The cost of surgery involves several charges for the services provided. The total includes fees charged by your surgeon, the cost of surgical supplies, anesthesia, laboratory tests, and possible outpatient hospital charges, depending on where the surgery is performed. Depending on whether the cost of surgery is covered by an insurance plan, you will be responsible for necessary co-payments, deductibles, and charges not covered. The fees charged for this procedure do not include any potential future costs for additional procedures that you elect to have or require in order to revise, optimize, or complete your outcome. Additional costs may occur should complications develop from the surgery. Secondary surgery or hospital day-surgery charges involved with revision surgery will also be your responsibility. You may be advised some time in the future to have a MRI (magnetic resonance imaging) scan to determine the condition of your breast implants. You would be responsible for future costs of such imaging studies. In signing the consent for this surgery/procedure, you acknowledge that your have been informed about its risk and consequences and accept responsibility for the clinical decisions that were made along with the financial costs of all future treatments.

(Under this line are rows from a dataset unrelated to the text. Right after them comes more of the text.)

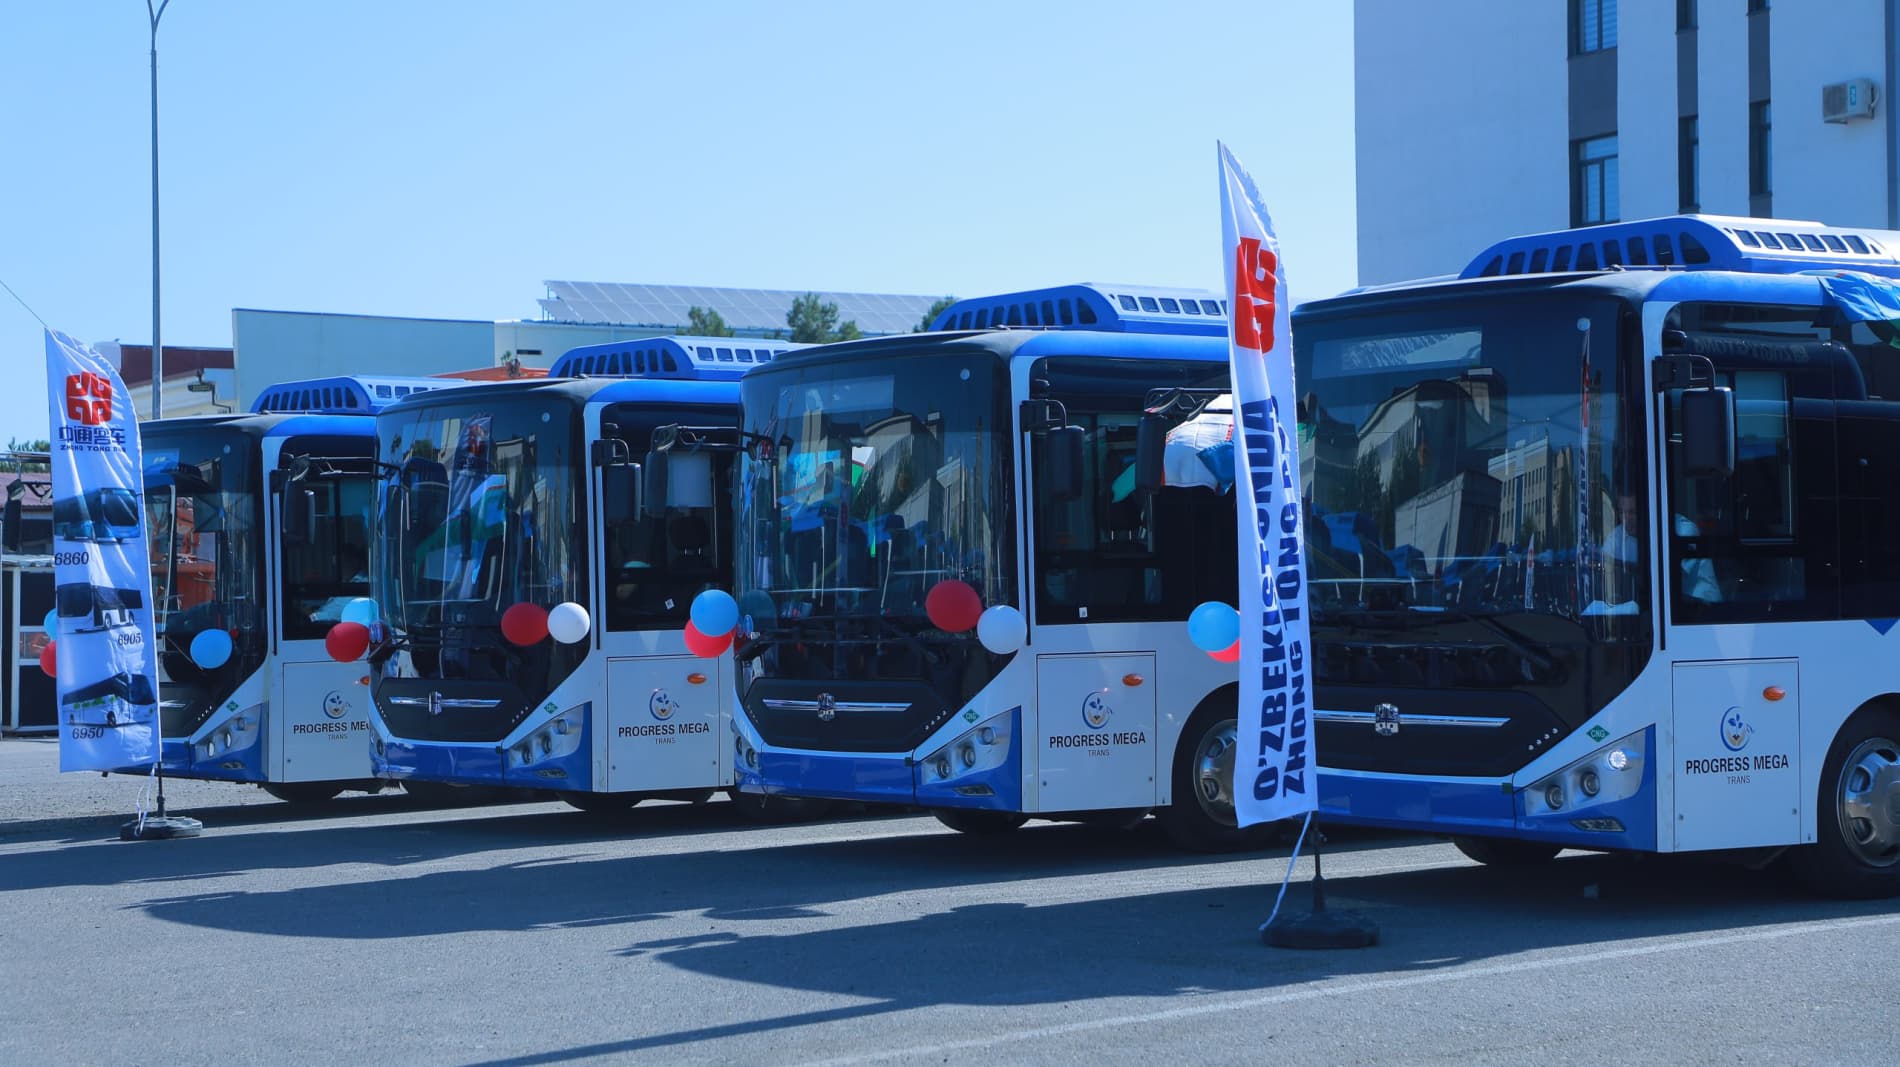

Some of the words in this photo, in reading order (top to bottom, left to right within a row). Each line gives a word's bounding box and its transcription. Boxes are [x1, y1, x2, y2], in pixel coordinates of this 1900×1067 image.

[54, 551, 90, 566] 6860
[1276, 503, 1301, 631] TONG
[117, 632, 142, 647] 6905
[1283, 640, 1307, 798] ZHONG
[72, 727, 104, 741] 6950
[293, 722, 348, 735] PROGRESS
[618, 724, 675, 738] PROGRESS
[678, 722, 710, 735] MEGA
[1590, 729, 1607, 738] CNG
[1049, 733, 1110, 749] PROGRESS
[1113, 731, 1147, 746] MEGA
[1087, 749, 1110, 758] TRANS
[1685, 758, 1751, 775] PROGRESS
[1753, 754, 1790, 771] MEGA
[1727, 775, 1751, 785] TRANS

Informed-consent documents are used to communicate information about the proposed surgical treatment of a disease or condition along with disclosure of risks and alternative forms of treatment(s), including no surgery. The informed-consent process attempts to define principles of risk disclosure that should generally meet the needs of most patients in most circumstances.
However, informed-consent documents should not be considered all inclusive in defining other methods of care and risks encountered. Your plastic surgeon may provide you with additional or different information that is based on all the facts in your particular case and the current state of medical knowledge.
Informed-consent documents are not intended to define or serve as the standard of medical care. Standards of medical care are determined on the basis of all of the facts involved in an individual case and are subject to change as scientific knowledge and technology advance and as practice patterns evolve.